Cost impact considered the cost of testing, adjuvant therapy, recurrence, adverse events, surveillance, and end-of-life care from a commercial payer perspective. The findings are compelling: when used as part of a risk of recurrence evaluation in a hypothetical cohort of one million female members, use of PreciseBreast resulted in cost savings of $4 million in year one compared to the current standard of care alone. Over 6 years, the savings increased to $12.5 million. The per-treated patient costs calculated in year one were $19,500 for traditional standard of care and $16,900 for PreciseBreast.

“We are very pleased with these findings and the potential impact on both healthcare costs and patient care,” says Michael J. Donovan, co-founder and chief medical officer of PreciseDx. “With PreciseBreast, we are potentially shielding many low-risk patients from the unnecessary toxicity of chemotherapy, while also providing significant savings to payers.
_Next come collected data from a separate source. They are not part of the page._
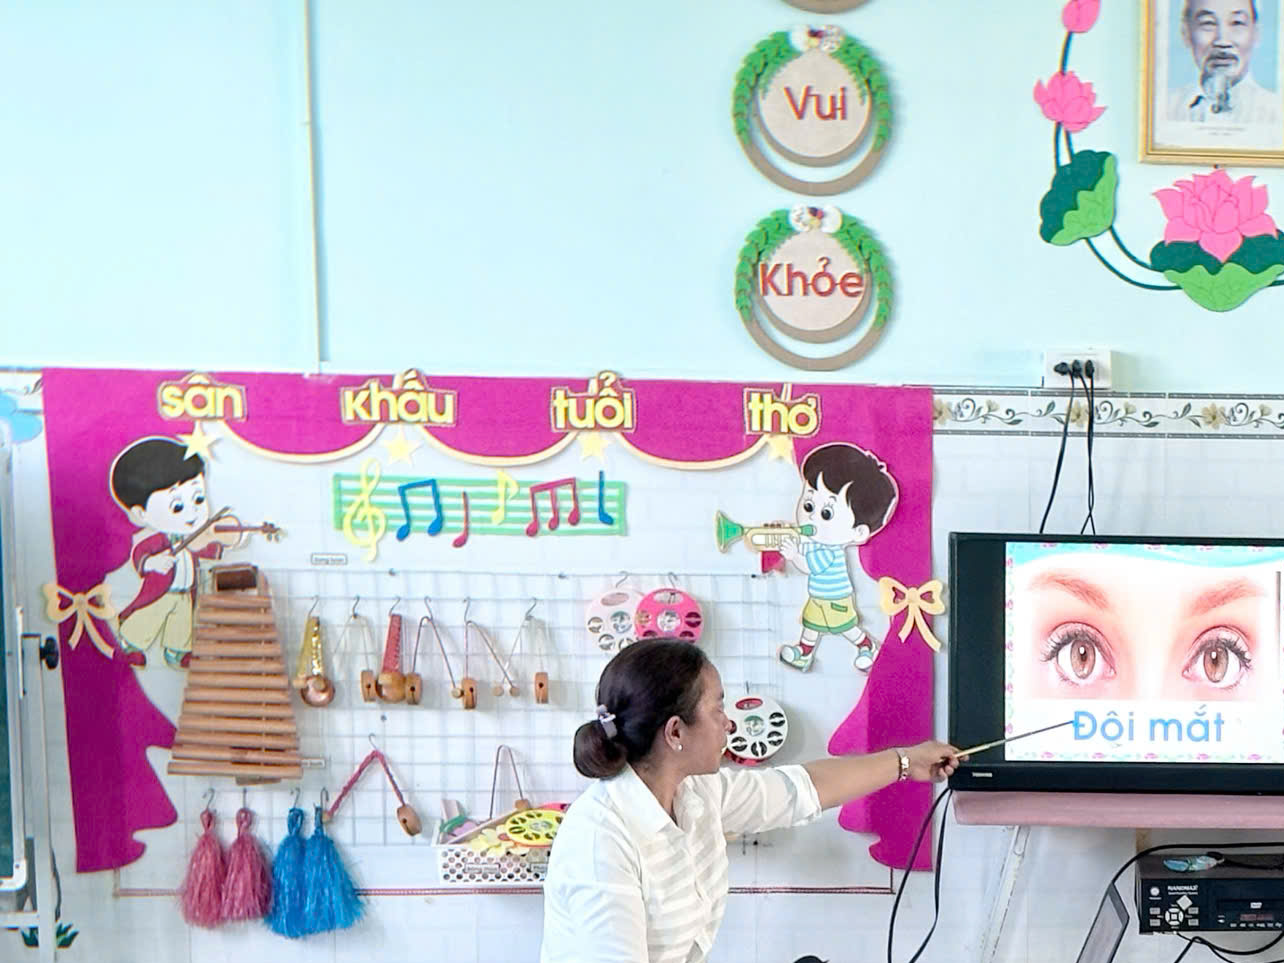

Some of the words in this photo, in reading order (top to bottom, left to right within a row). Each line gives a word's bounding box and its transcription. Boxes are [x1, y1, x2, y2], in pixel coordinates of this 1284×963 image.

[784, 86, 847, 121] Vui
[759, 256, 864, 297] Khỏe
[161, 373, 243, 418] sân
[343, 369, 454, 422] khấu
[553, 372, 633, 428] tuổi
[749, 392, 817, 435] thơ
[1072, 710, 1135, 741] Đôi
[1149, 704, 1225, 743] mắt
In addition, PreciseBreast is a digital prognostic test which relies on the patient’s own readily available diagnostic tissue specimen from the pathology lab, ensuring accessibility to oncologists and pathologists regardless of geographic location.”

AI-Driven Solution

PreciseBreast uses Artificial Intelligence (AI) and Machine Learning (ML) combined with its Morphology Feature Array (MFA) to analyze invasive breast cancer histology images with the purpose of enhancing and improving the traditional grading approach. PreciseBreast is an in vitro prognostic test that predicts breast cancer risk of recurrence for patients diagnosed with early-stage IBC.

“Our validated AI-powered MFA platform (using digital whole slide image analysis) is changing how we can assess and analyze patient data to positively impact healthcare,” saysTed Diehl, vice president of Commercial Development at PreciseDx. “For breast cancer patients and their physicians, PreciseBreast is providing accurate and objective risk stratification within 48 hours at 20% the cost of gene expression testing. PreciseBreast provides an accurate and effective sequence to gene expression testing and was established to enhance current histopathology assessment that is accessible, affordable, and easily available.”